In conclusion, the mountain of data points to the necessity for drastic efforts in the medical industry to move away from organ transplantation. Organ donation not only violates patient autonomy to a large extent, but transplant surgery is also unjust as it carries a risk for the recipient since it exposes the recipient to the danger of unneeded multiple surgeries and the recovery period. Additionally, transplantation for compensation is ethically unjustifiable as there would be less emotional satisfaction for the donor family, less regard for humanity and the sanctity of the body, and a loss of the special relationship that exists presently in the altruistic donation procedure, organ transplantation for remuneration is immoral and unjustifiable. It is also possible that an affluent vs. poor divide will emerge from organ transplantation for remuneration.


Berry, K. N., Daniels, N., & Ladin, K. (2019). Should lack of social support prevent access to organ transplantation?. The American Journal of Bioethics19(11), 13-24.

Cummins, P. J., & Nicoli, F. (2018). Justice and Respect for Autonomy: Jehovah’s Witnesses and Kidney Transplant. The Journal of Clinical Ethics29(4), 305-312.

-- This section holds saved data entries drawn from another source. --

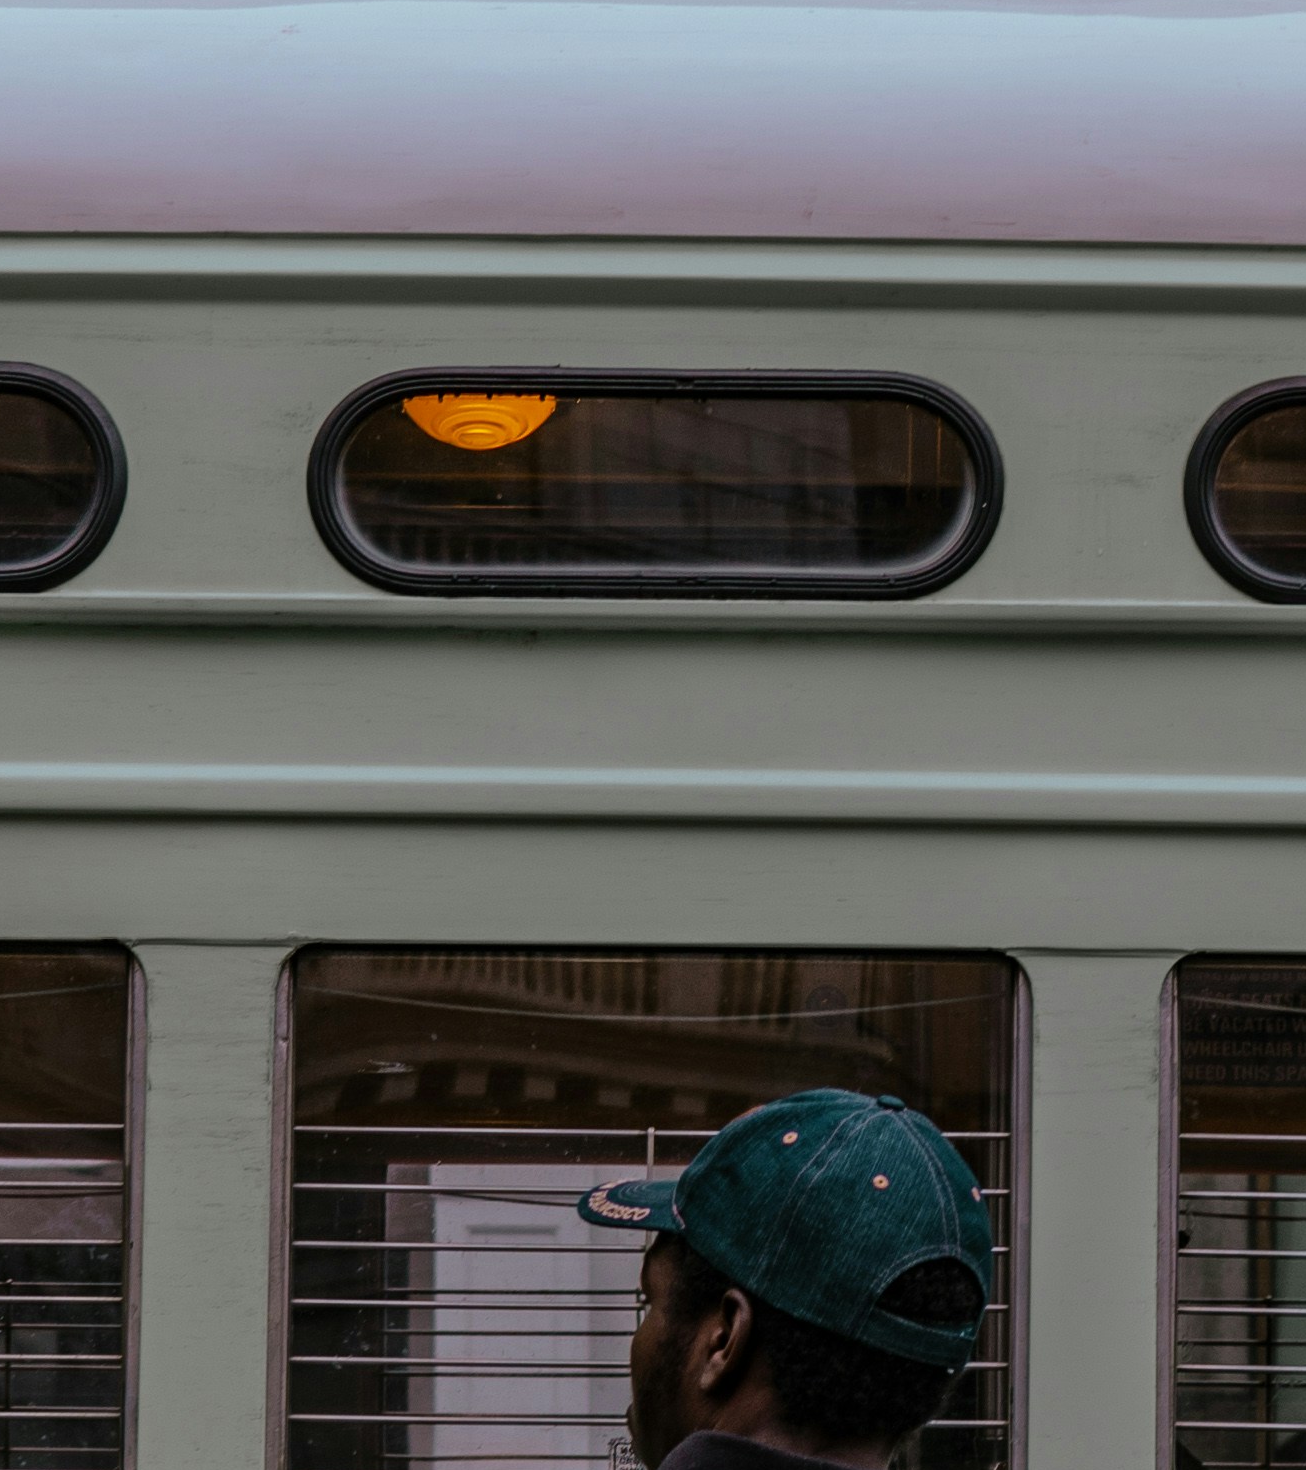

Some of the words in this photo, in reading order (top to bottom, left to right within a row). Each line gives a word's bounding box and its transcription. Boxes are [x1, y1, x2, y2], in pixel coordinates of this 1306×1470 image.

[1209, 1016, 1288, 1034] VACATED
[1182, 1040, 1293, 1058] WHEELCHAIR
[1182, 1063, 1227, 1082] NEED
[1231, 1063, 1270, 1082] THIS
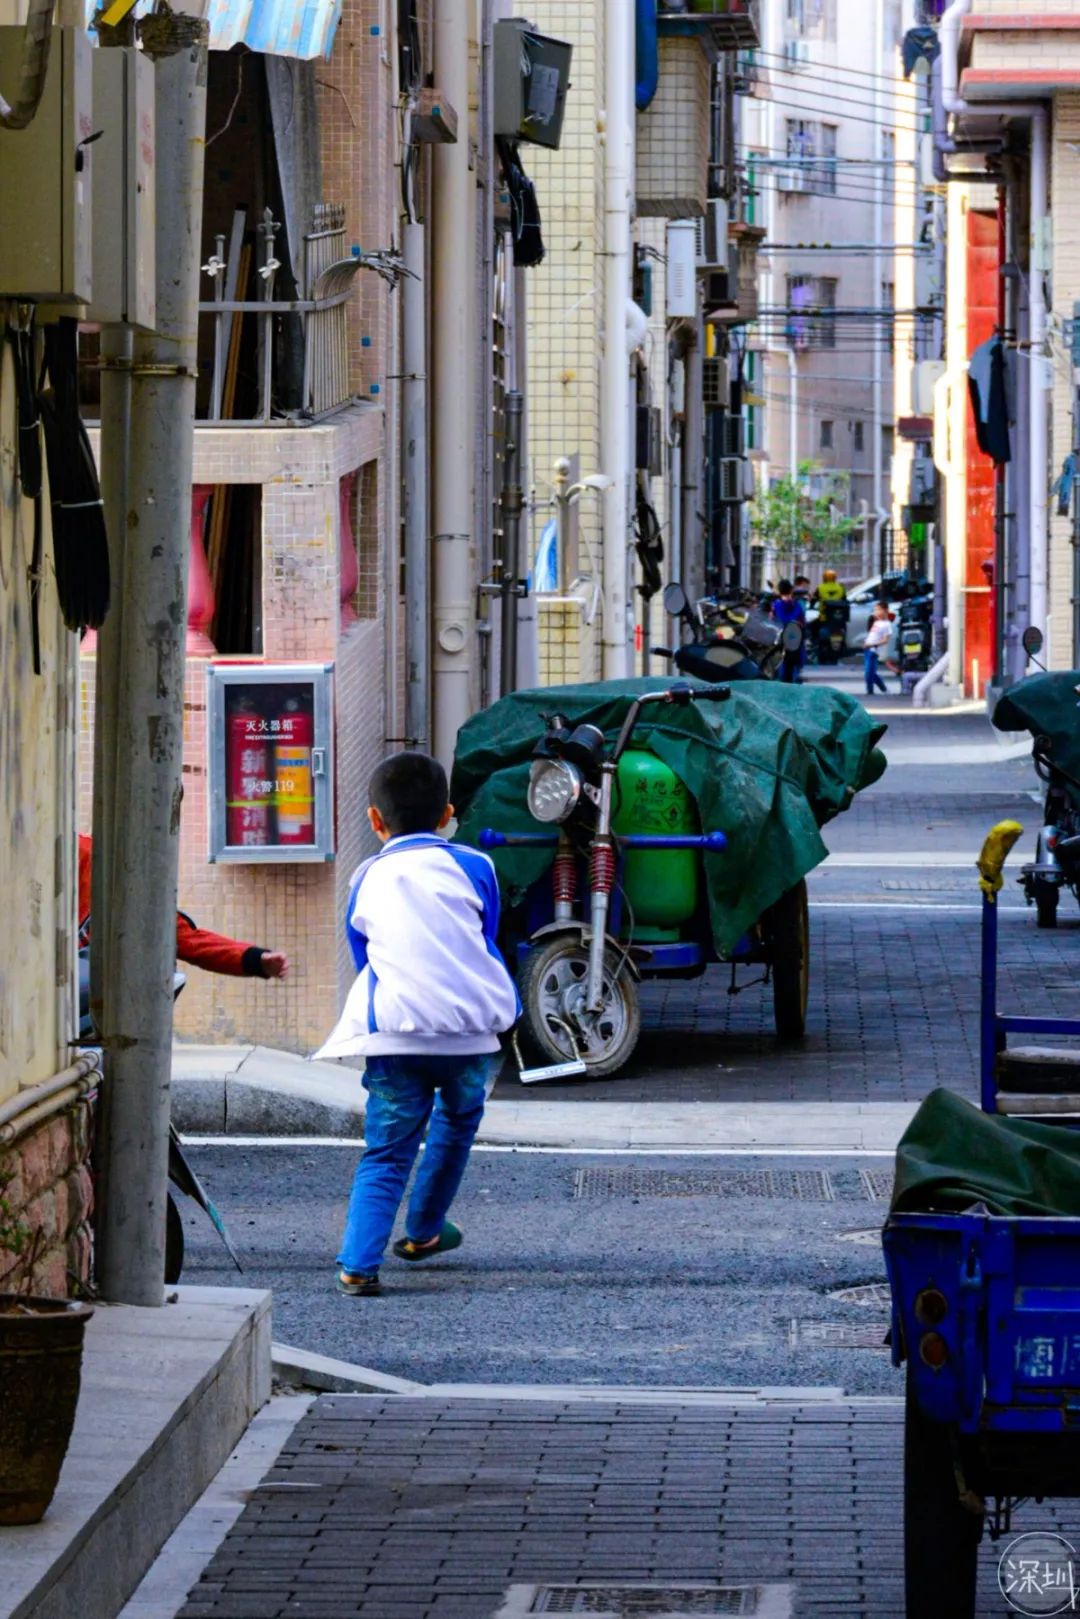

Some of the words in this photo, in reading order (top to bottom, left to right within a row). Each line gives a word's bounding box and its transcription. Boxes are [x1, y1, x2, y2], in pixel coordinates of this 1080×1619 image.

[246, 719, 294, 732] 灭火器箱
[248, 780, 295, 793] 火警119

Chavot, P., & Masseran, A. (2018). The televisual framing of organ transplantations in France, from the 1960s to the 1980s. Annales Universitatis Paedagogicae Cracoviensis. Studia ad Didacticam Biologiae Pertinentia, (8), 84-100.

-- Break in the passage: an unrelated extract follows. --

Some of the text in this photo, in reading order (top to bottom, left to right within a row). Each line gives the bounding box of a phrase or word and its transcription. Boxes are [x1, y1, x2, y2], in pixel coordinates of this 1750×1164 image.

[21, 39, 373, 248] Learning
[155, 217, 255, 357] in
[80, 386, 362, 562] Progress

Fernández‐Ruiz, M., Andrés, A., Loinaz, C., Delgado, J. F., López‐Medrano, F., San Juan, R., … & Aguado, J. M. (2020). COVID‐19 in solid organ transplant recipients: a single‐center case series from Spain. American journal of transplantation20(7), 1849-1858.

Kates, O. S., Stohs, E. J., Pergam, S. A., Rakita, R. M., Michaels, M. G., Wolfe, C. R., … & Diekema, D. S. (2021). The limits of refusal: an ethical review of solid organ transplantation and vaccine hesitancy. American Journal of Transplantation21(8), 2637-2645.

Prabhu, P. K. (2019). Is presumed consent an ethically acceptable way of obtaining organs for transplant?. Journal of the Intensive Care Society20(2), 92-97.

Rogers, W., Robertson, M. P., Ballantyne, A., Blakely, B., Catsanos, R., Clay-Williams, R., & Singh, M. F. (2019). Compliance with ethical standards in the reporting of donor sources and ethics review in peer-reviewed publications involving organ transplantation in China: a scoping review. BMJ open9(2), e024473.

Truog, R. D., & Miller, F. G. (2010). The dead donor rule and organ transplantation. Taking Sides Clashing Views on Bioethical Issues, edited by Carol Levine, New York: McGraw-Hill.